### TASK INSTRUCTIONS
Once the pictures are set aside, output all the records exactly.

### SOURCE MATERIAL
■ ■ ■

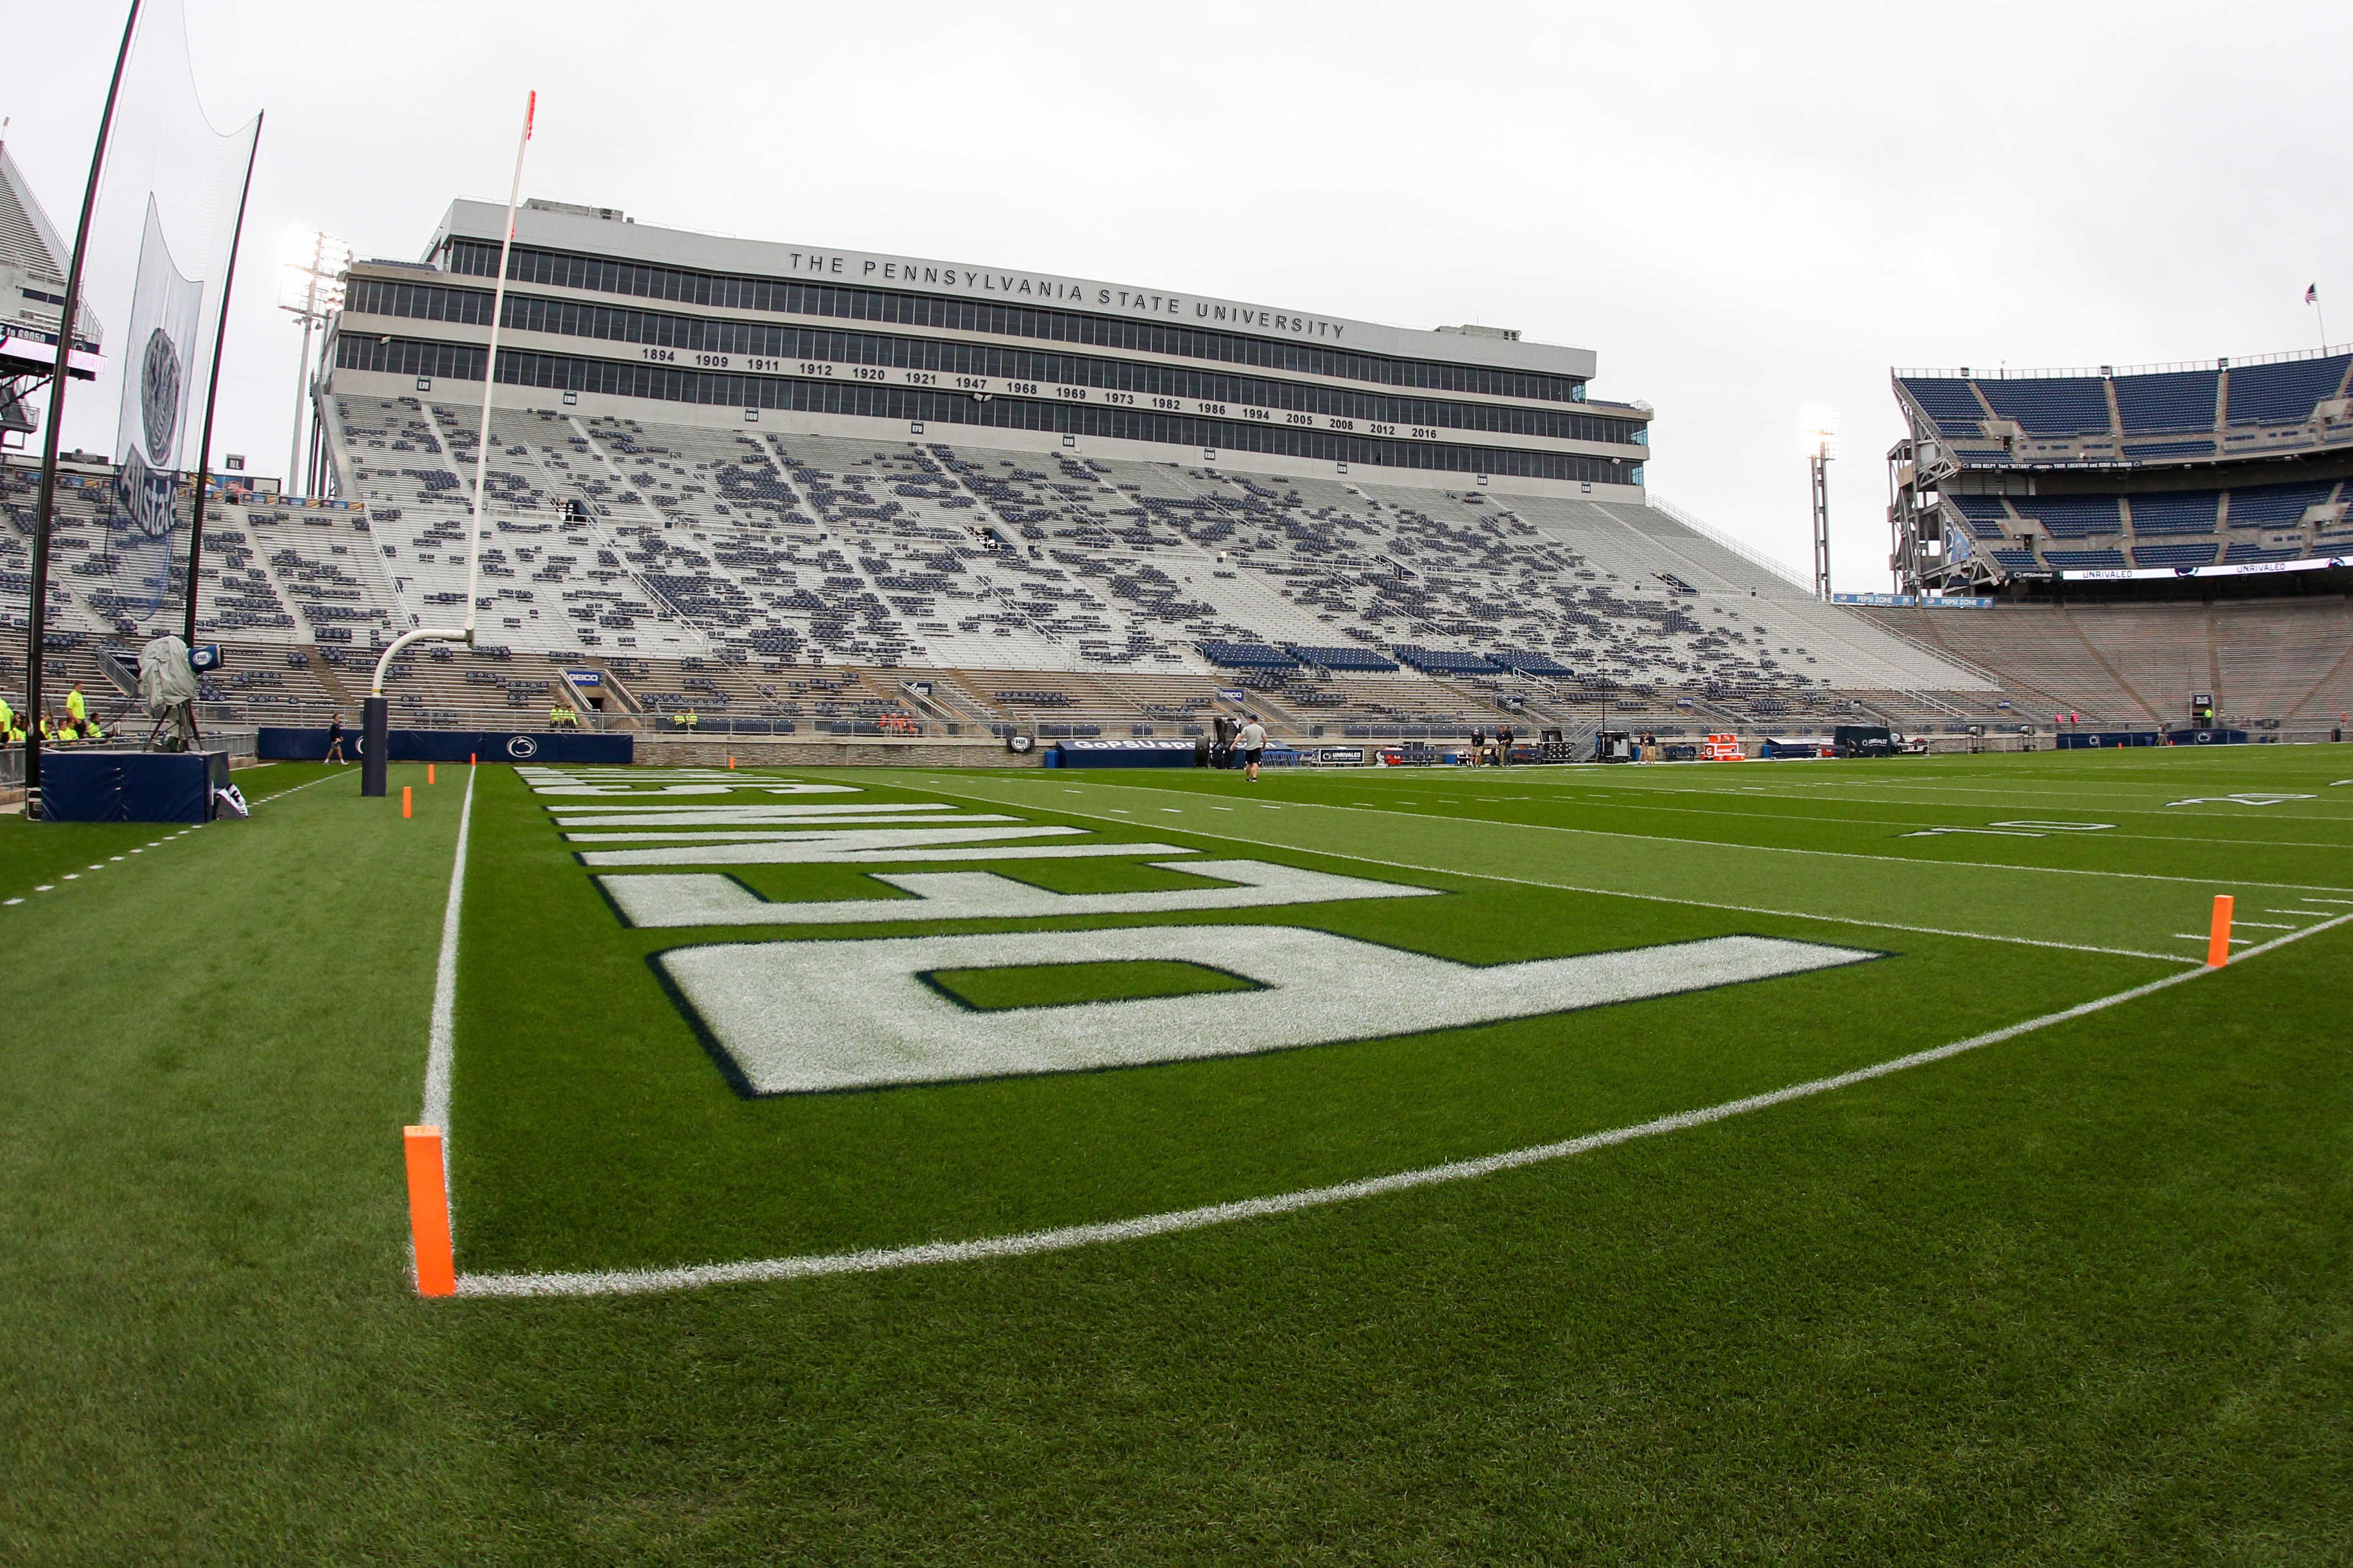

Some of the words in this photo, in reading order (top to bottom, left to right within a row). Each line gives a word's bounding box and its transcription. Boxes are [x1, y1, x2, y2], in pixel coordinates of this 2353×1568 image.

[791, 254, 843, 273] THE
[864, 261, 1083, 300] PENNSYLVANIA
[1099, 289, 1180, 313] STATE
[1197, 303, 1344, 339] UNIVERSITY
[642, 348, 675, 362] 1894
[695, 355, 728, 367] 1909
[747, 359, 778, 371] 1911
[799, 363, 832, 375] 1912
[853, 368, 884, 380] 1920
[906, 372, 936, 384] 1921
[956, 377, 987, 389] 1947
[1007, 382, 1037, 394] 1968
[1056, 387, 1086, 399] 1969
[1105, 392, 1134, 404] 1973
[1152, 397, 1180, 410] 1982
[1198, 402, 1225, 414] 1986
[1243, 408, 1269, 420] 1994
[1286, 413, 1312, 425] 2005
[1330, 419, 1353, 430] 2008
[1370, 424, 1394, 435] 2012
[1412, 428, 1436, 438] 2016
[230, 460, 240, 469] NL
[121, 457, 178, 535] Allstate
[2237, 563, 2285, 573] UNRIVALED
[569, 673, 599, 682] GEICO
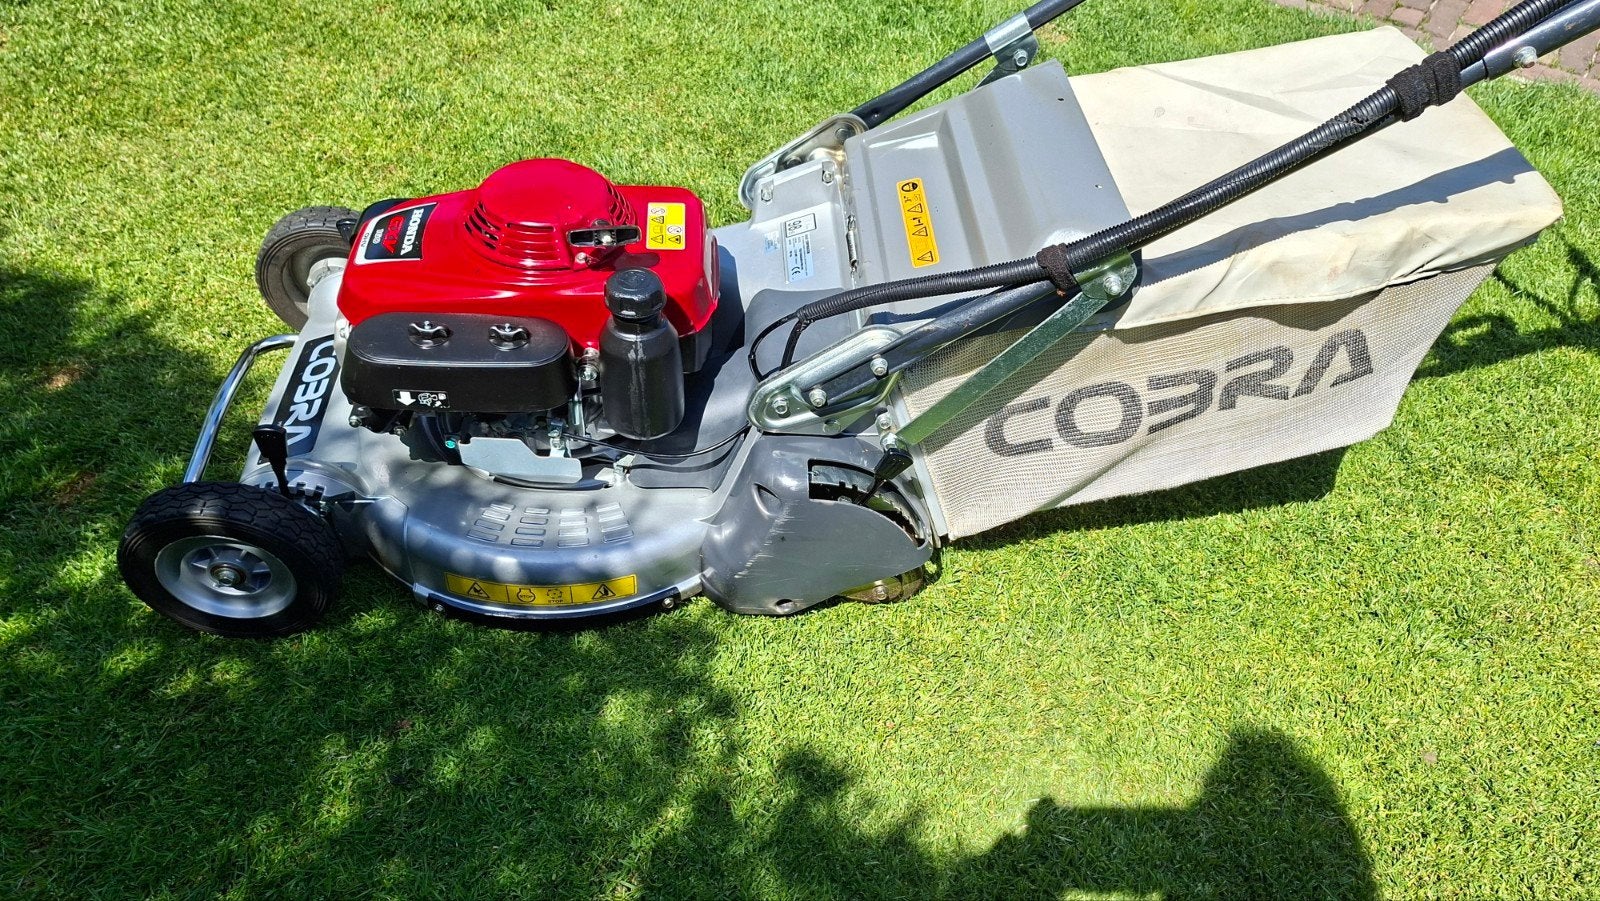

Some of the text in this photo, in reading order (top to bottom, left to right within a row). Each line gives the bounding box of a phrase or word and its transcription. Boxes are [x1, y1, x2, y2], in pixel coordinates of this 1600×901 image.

■ ■ ■

### RESPONSE TO THE EXERCISE
Some of the words in this photo, in reading order (top to bottom, left to right within a row). Each line gives a word's bounding box and its transcription. Boxes are [x1, y1, x2, y2], in pixel coordinates of this 2353×1568 image.

[791, 254, 843, 273] THE
[864, 261, 1083, 300] PENNSYLVANIA
[1099, 289, 1180, 313] STATE
[1197, 303, 1344, 339] UNIVERSITY
[642, 348, 675, 362] 1894
[695, 355, 728, 367] 1909
[747, 359, 778, 371] 1911
[799, 363, 832, 375] 1912
[853, 368, 884, 380] 1920
[906, 372, 936, 384] 1921
[956, 377, 987, 389] 1947
[1007, 382, 1037, 394] 1968
[1056, 387, 1086, 399] 1969
[1105, 392, 1134, 404] 1973
[1152, 397, 1180, 410] 1982
[1198, 402, 1225, 414] 1986
[1243, 408, 1269, 420] 1994
[1286, 413, 1312, 425] 2005
[1330, 419, 1353, 430] 2008
[1370, 424, 1394, 435] 2012
[1412, 428, 1436, 438] 2016
[230, 460, 240, 469] NL
[121, 457, 178, 535] Allstate
[2237, 563, 2285, 573] UNRIVALED
[569, 673, 599, 682] GEICO

Some of the text in this photo, in reading order (top to bottom, left to right within a row). Each line gives the bounding box of a phrase or word and its transcription. Boxes are [x1, y1, x2, y2], in pixel coordinates of this 1600×901 image.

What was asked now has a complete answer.